The difference is, I’m a little concerned about the blind vilification of the feral hog. I’m a little concerned about sending the message that these things are the modern velociraptor, and you better hide the children and put an armed guard over the azaleas at the same time. People shouldn’t fear the wild hogs. They should understand them. They should be aware that these are non-native species, like ourselves, and they’re pretty damned good at getting along under adverse conditions… again, not unlike us. They should know the facts about wild hogs, just as with any wild animal, and base their opinions on those facts.
Where am I going here? Well, to be sure I’m not going all, “let’s protect the wild hogs!” No sir. I am looking forward to my next opportunity to put the crosshairs on one.
But I think the Discovery Channel should take responsibility and give us, the viewers, better. They should have respect for the viewers, and our intelligence, or at least enough respect to present “reality” in a real package, and not the foolish hyperbole of programs like Hogs Gone Wild.
I can’t help it that I remember when Discovery was like the National Geographic of television. They showed us stuff that we couldn’t help but learn from. And it was, mostly, real. And then the “reality” craze. Now, the Discovery Channel is a parody of itself… a joke, and this program is exactly that… a joke. Problem is, it’s a bad one.

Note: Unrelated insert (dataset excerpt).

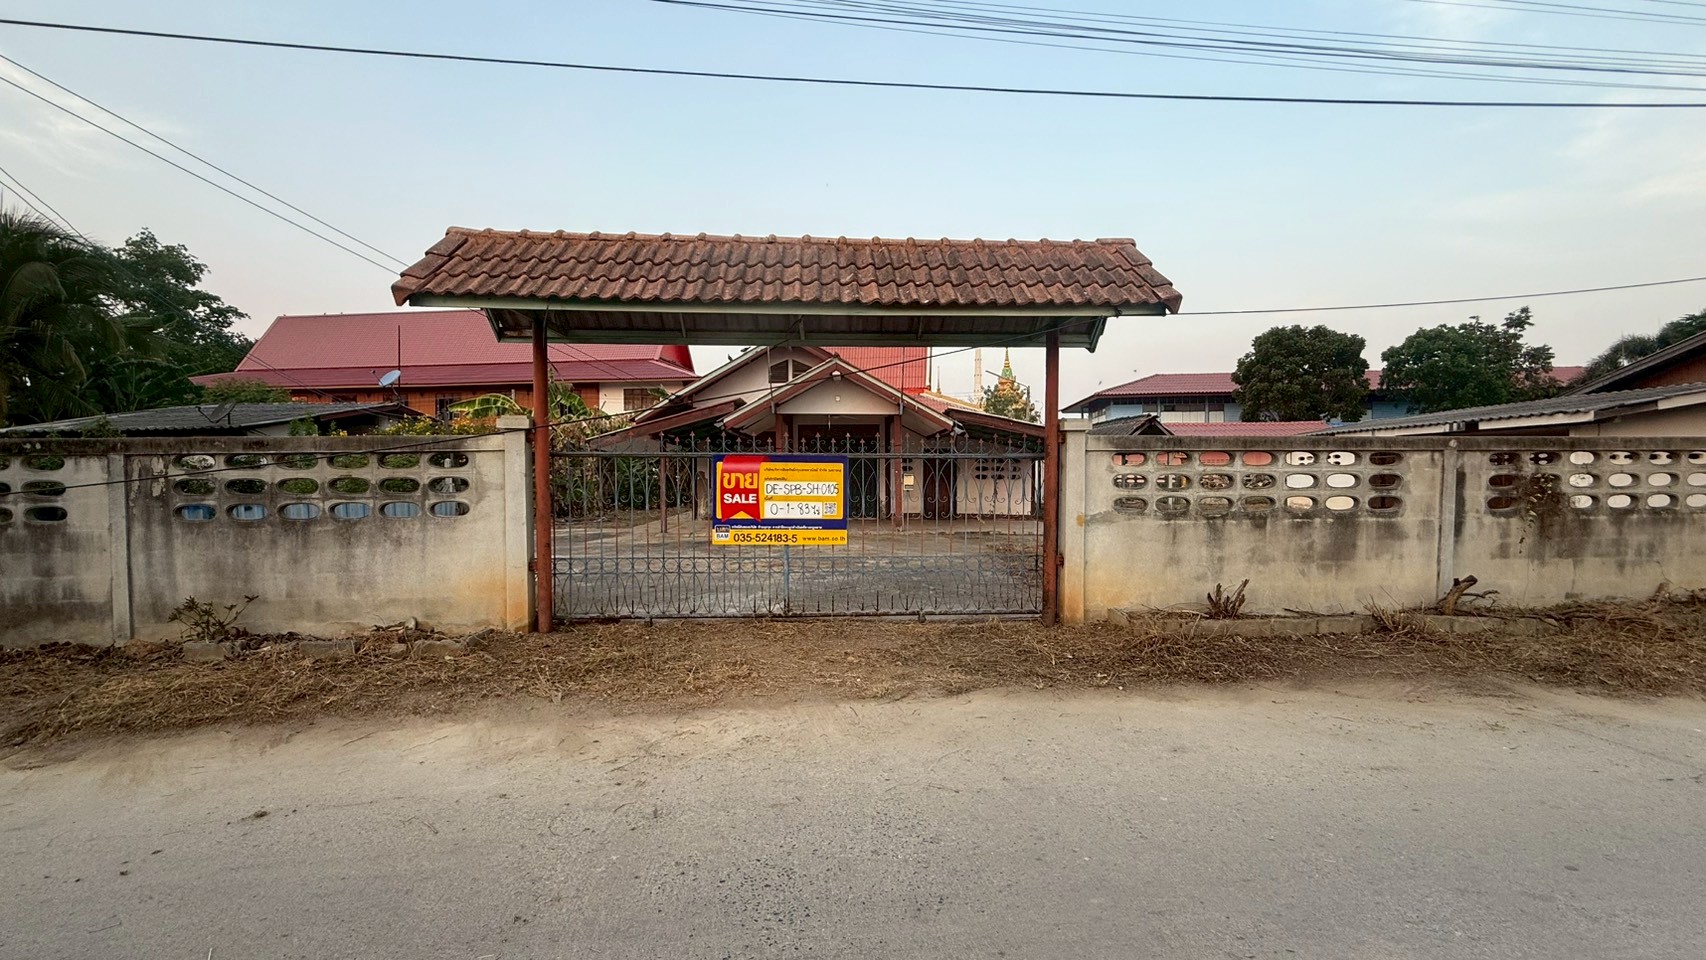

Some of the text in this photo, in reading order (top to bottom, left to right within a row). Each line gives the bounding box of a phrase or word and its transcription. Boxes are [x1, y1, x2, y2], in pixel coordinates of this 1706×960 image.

To say this show is a joke is putting it lightly. According to this show:
*I should be dead now considering all the feral pig meat I’ve eaten.
*Surely I should have been charged and attacked by now considering the number of times I’ve come in contact with feral pigs in the wild.
*I’m crazy for even thinking I can hunt/kill these cunning and deadly animals considering I’m just a regular ole weekend warrior. I must be one lucky SOB.